Sambrook et al., "Molecular Cloning" segunda edición, Cold
Spring Harbor Laboratory Press 1989, New York, o preferiblemente
también llamada hibridación astringente y condiciones no
astringentes de lavado o más preferiblemente también llamada
hibridación astringente y condiciones de lavado astringente por una
persona experimentada en la materia está familiarizada con y lo que
se describe, por ejemplo en Sambrook et al.(s.a). "El fragmento de
las secuencias de DNA" se refiere en este contexto a un fragmento
que codifica para un polipéptido que todavía tiene la actividad
enzimática tal como se especificó anteriormente.
Las secuencias de DNA que pueden ser usadas para
el propósito de la presente invención están exhibidas por ejemplo en
la PE 405370. La secuencia de información para tales secuencias
puede también obtenerse de cualquier base de datos de secuencias
conocida, como por ejemplo European bioinformatics Institute
(Hinxton Hall, Cambridge, GB). Las secuencias de DNA pueden ser
preparadas sobre la bases de tal información sobre secuencias usando
por ejemplo, el método de PCR conocido en el entorno de la materia y
descrito, por ejemplo en los ejemplos u otros métodos de clonación
molecular conocidos en el campo y descrito, por ejemplo en PE
405370.
Una vez que tales secuencias de DNA están
disponibles éstas pueden ser integradas para más manipulaciones en
vectores adecuados conocidos en el entorno de la materia y descrito,
por ejemplo en los ejemplos de PE 405370. Son preferidos tales
vectores para la integración dentro de los cromosomas del huésped
que es preferiblemente Bacillus y más preferiblemente un Bacillus
subtilis y subsiguientes amplificaciones, si se desea. Tales
vectores son descritos, por ejemplo en los Ejemplos o conocidos en
el entorno de la materia, ver por ejemplo, PE 405,370. Tales
vectores además pueden transportar los también llamados elementos de
transcripción, como los potenciadores y/o promotores, como el
promotor veg y/o sitios de unión a los ribosomas sintéticos y/o
naturales, y/o terminadores, como por ejemplo el terminador cryT que
son conocidos en el entorno de la materia, ver por ejemplo PE
405370. Las células huésped deseadas pueden ser entonces
transformadas por tales vectores mediante métodos descritos por
ejemplo, en los ejemplos o los que son conocidos en el entorno de la
materia, ver por ejemplo PE 405370 y crecidos en un medio adecuado y
la riboflavina secretada dentro de tal medio puede ser aislada tal
como se describe en los ejemplos o como es conocido en el entorno de
la materia.
Después de que la invención ha sido descrita en
general más arriba, las siguientes figuras y ejemplos pretenden
ilustrar detalles de la invención, sin por esta razón limitar a ésta
de ninguna manera.
El vector de expresión pDSNdeHis. A: Una
construcción de pDSNdeHis del vector parenteral pDS/RBSII, 6xHis
(-2). El sitio existente de NdeI se eliminó cortando, completando
los extremos cohesivos y religándolos. El plásmido resultante se
cortó con BamHI y HindIII y se introdujo un polienlazante sintético
que contiene los sitios de restricción ClaI, NdeI, SaII, BamHI y
HindIII. B: Se muestran la secuencia de pDSNdeHis de la secuencia de
Shine-Delgarno (caja S/D) a los sitios de clonación
múltiples y el péptido con los residuos de histidina consecutivos
para la purificación de proteínas recombinantes.

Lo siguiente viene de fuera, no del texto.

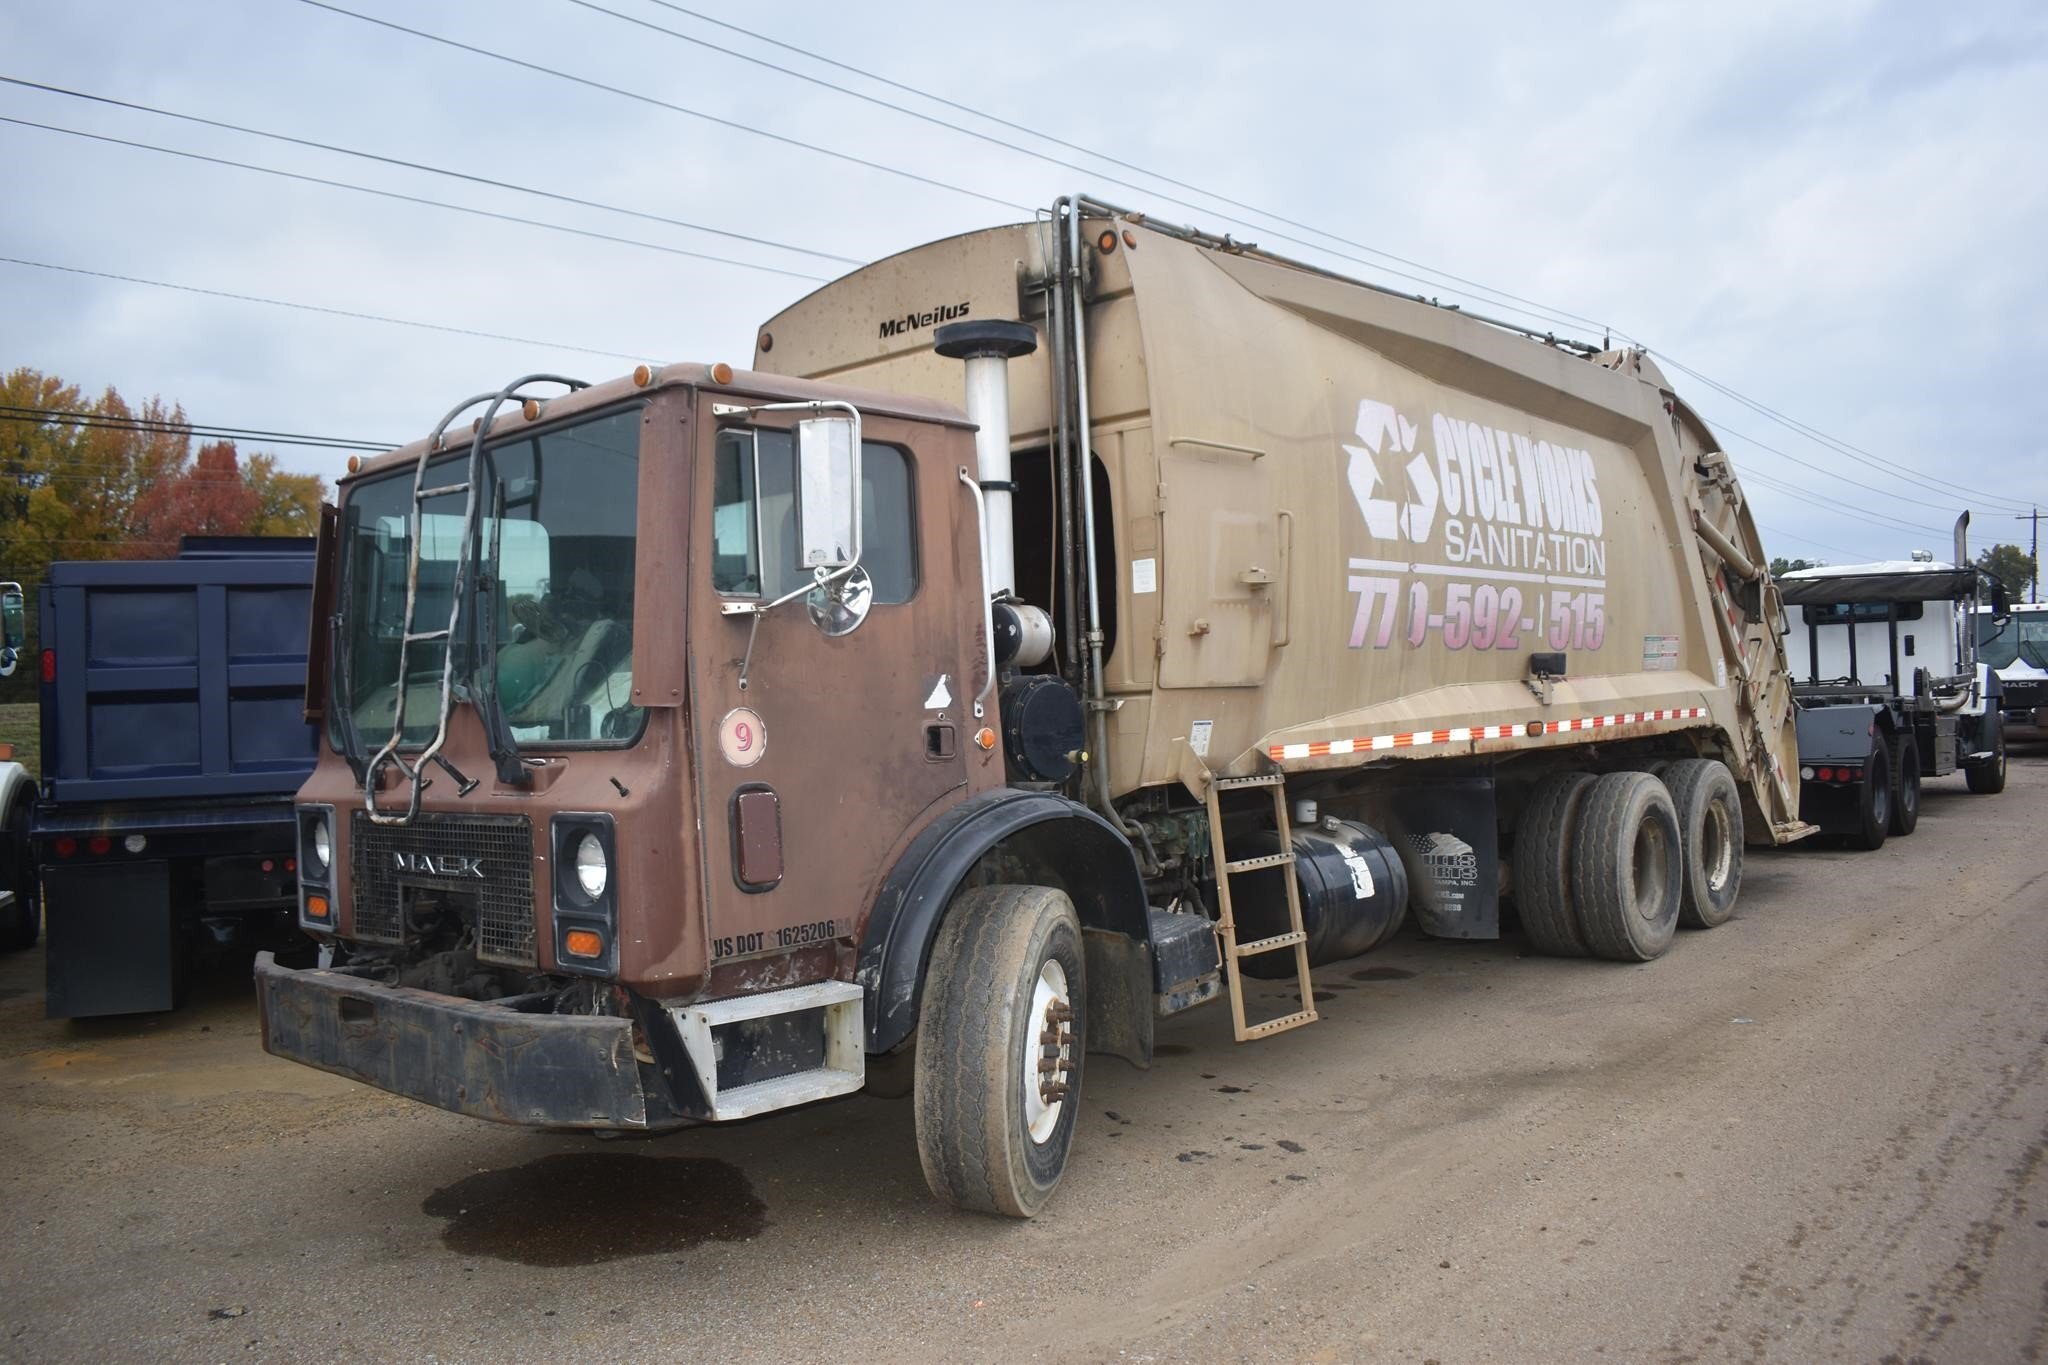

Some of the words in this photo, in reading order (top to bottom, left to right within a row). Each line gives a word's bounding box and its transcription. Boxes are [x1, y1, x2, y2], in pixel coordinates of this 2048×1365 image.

[879, 302, 970, 338] McNeilus
[1445, 519, 1605, 576] SANITATION
[735, 722, 752, 751] 9
[713, 937, 732, 957] US
[736, 932, 763, 953] DOT
[776, 920, 835, 946] 1625206
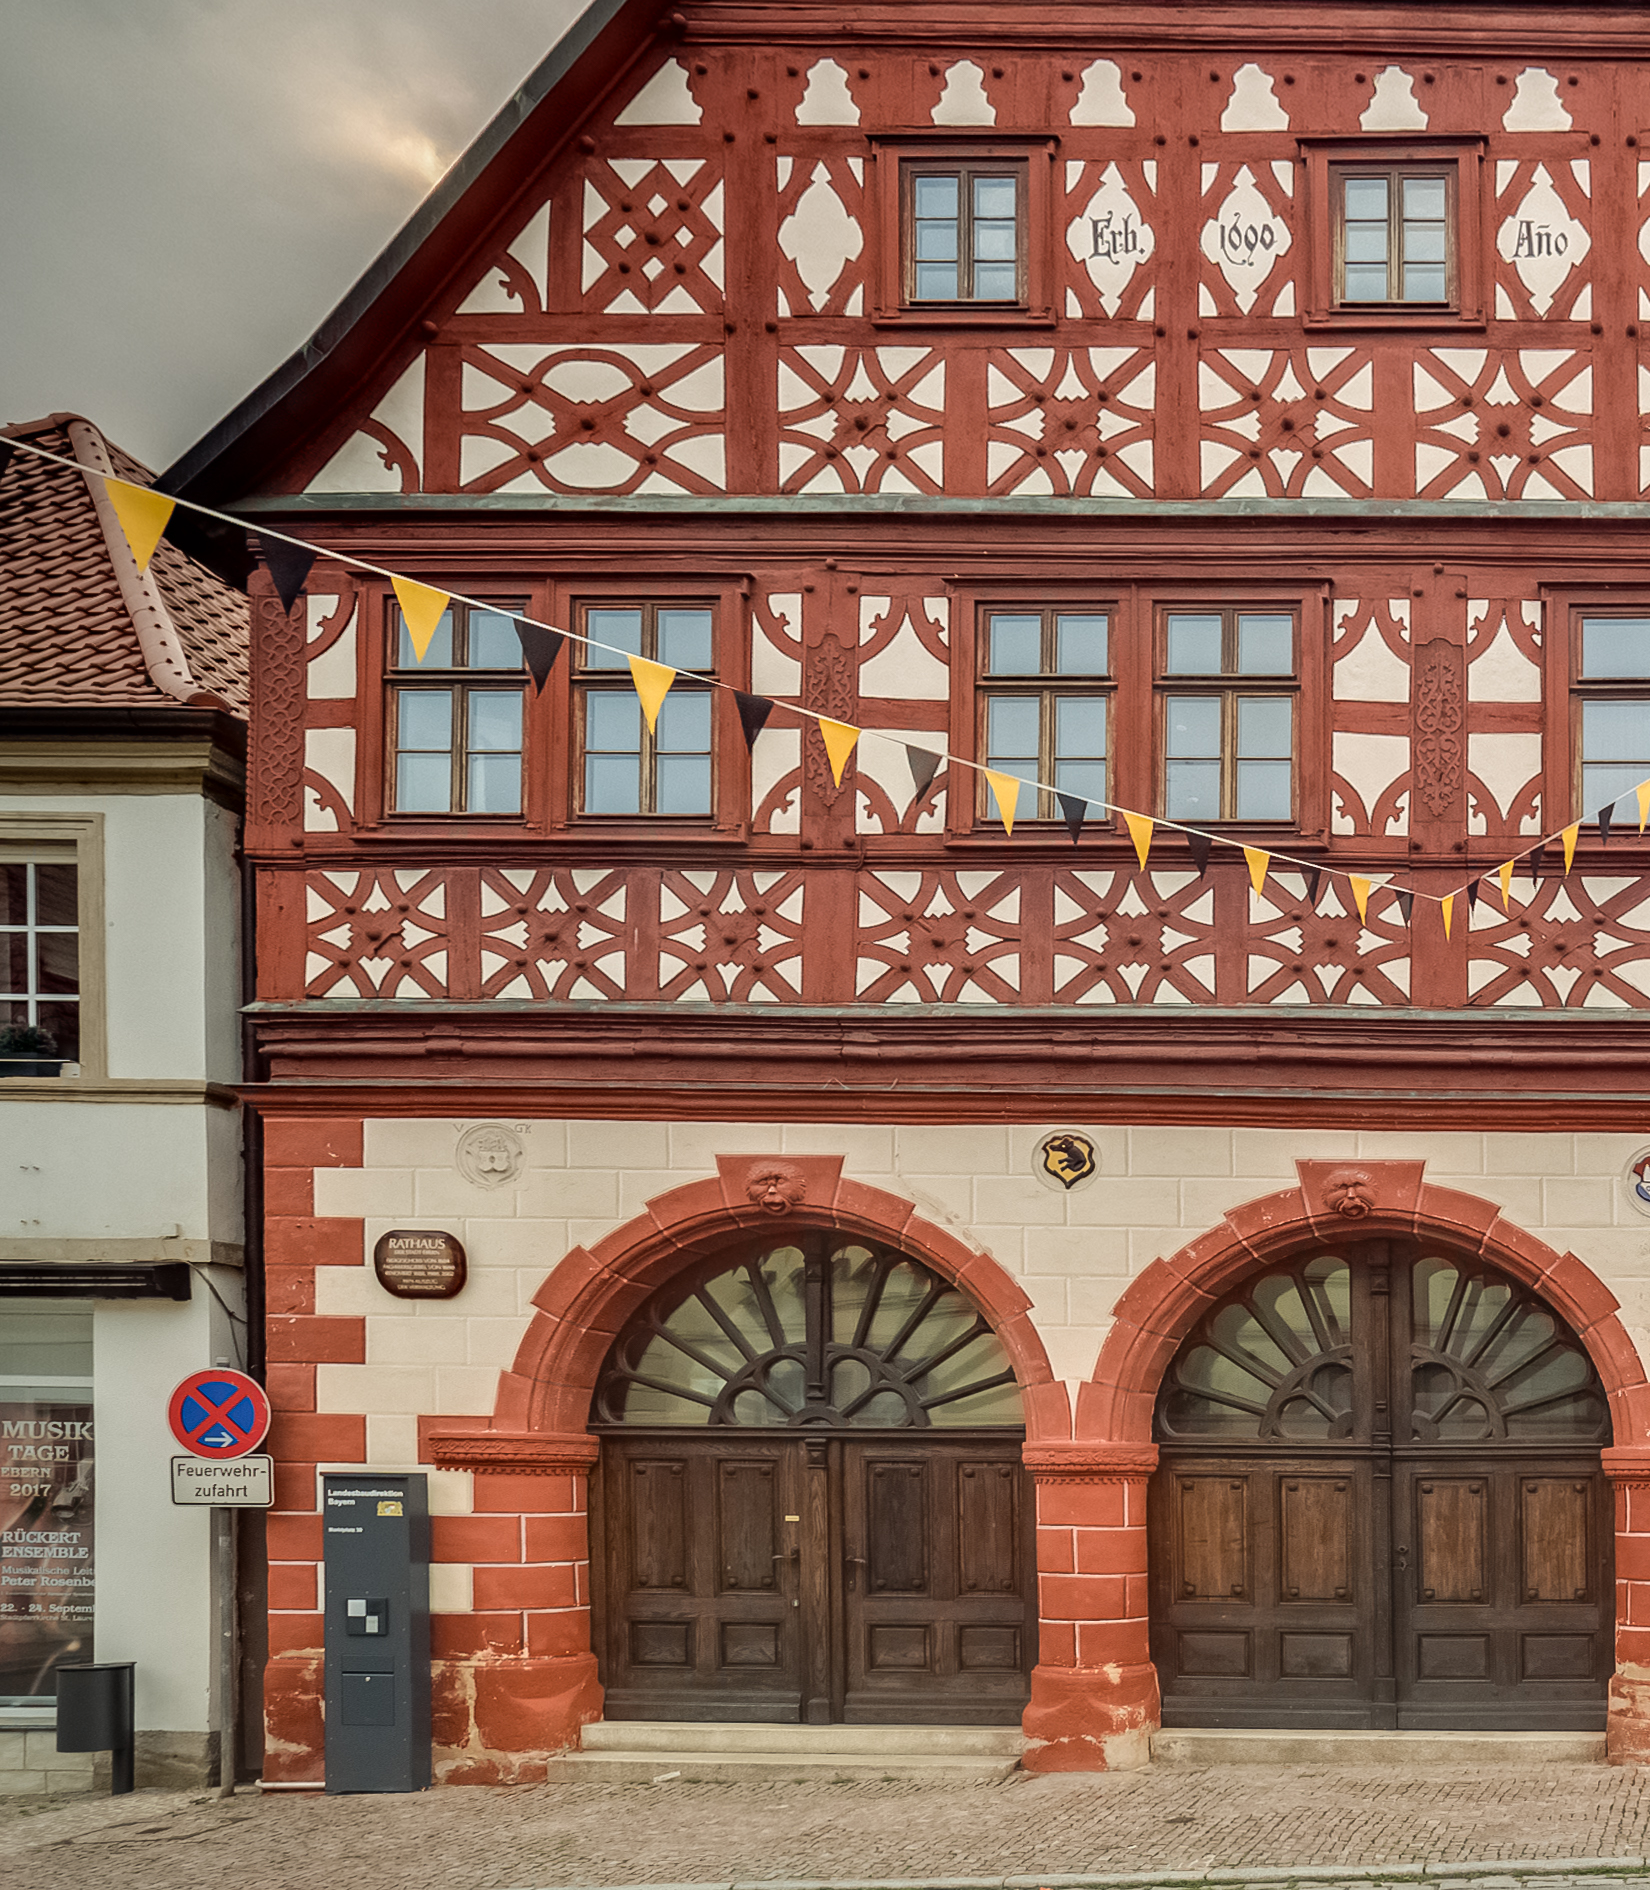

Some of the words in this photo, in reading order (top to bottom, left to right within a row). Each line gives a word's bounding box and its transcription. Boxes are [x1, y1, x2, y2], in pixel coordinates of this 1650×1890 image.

[388, 1238, 446, 1249] RATHAUS
[1, 1420, 94, 1440] MUSIK
[7, 1445, 69, 1461] TAGE
[0, 1467, 51, 1477] EBERN
[177, 1463, 267, 1477] Feuerwehr-
[10, 1483, 51, 1497] 2017
[195, 1484, 248, 1497] zufahrt
[2, 1528, 81, 1543] RÜCKERT
[2, 1546, 89, 1558] ENSEMBLE
[1, 1566, 70, 1575] Musikalische
[1, 1576, 37, 1586] Peter
[0, 1603, 18, 1612] 22.

Los plásmidos pXI12 y pXI16. El plásmido pXI12 se
representa por un círculo. Los sitios de reconocimiento para algunos
enzimas de restricción están indicados por abreviaciones estándar.
Los elementos importantes de los vectores están designados como a
continuación: PvegI: promotor constitutivo de fuerza media de B.
subtilis; RBS: Sitio de unión al ribosoma sintético; cryT:
terminador transcripcional de B. thuringiensis, ermAM: un gen
que expresa constitutivamente la resistencia a eritromicina;
sacB-3' y sacB-5': regiones
homólogas para la integración por recombinación homóloga, derivado
del gen levansacarasa de B. subtilis; amp: gen de resistencia
a la ampicilina de pBR322; ori: origen de replicación de pBR322;
rop: gen rop de pBR322. La dirección de alguno de los elementos se
indican por las flechas. Sobre el plásmido, se muestra el promotor
con las regiones -35 y -10. Las flechas indican la mutación de T a
la C que se introducen para crear el sitio ApaI (caja en la línea
media) en pXI16. La línea superior muestra la secuencia de
interrupción del promotor de pXI16 y los sitios de restricción
introducidos.
La integración del gen ribA en el locus
sacB de B. subtilis. El locus sacB es
esquemáticamente mostrado en la parte superior. Se indican los
sitios para las endonucleasas de restricción EcoRI y EcoRV. Las
regiones de homología presentes en los clones pXI se representan en
las cajas sombreadas. La parte inferior muestra el plásmido pXI
linearizado sin la sección pBR322 derivada y el gen ribA
clonado entre los sitios NdeI y BamHI. Está indicada la integración
del pXI derivada del DNA por doble cruz.
El efecto de la introducción de un gen
ribA, ribA-M o un gen
ribA-C dentro del locus SacB de
RB50::
(pRF69)_{n}::(pRF93)_{m} en el crecimiento celular y la producción de riboflavina. Las fermentaciones se llevan a cabo con RB50::(pRF69)_{n}::(pRF93)_{m} o sus derivados con la mutasa codificando la mitad de ribA (ribA-M), la ciclohidrolasa II codificando la mitad de ribA (ribA-C) o el ribA entero insertado en el locus sacB. Se amplificaron los operones modificados pRF69 y pRF93 de todas las cepas. El panel A muestra los valores DO_{540} de las muestras recogidas durante las fermentaciones y se representan los correspondientes títulos de riboflavina en el panel B.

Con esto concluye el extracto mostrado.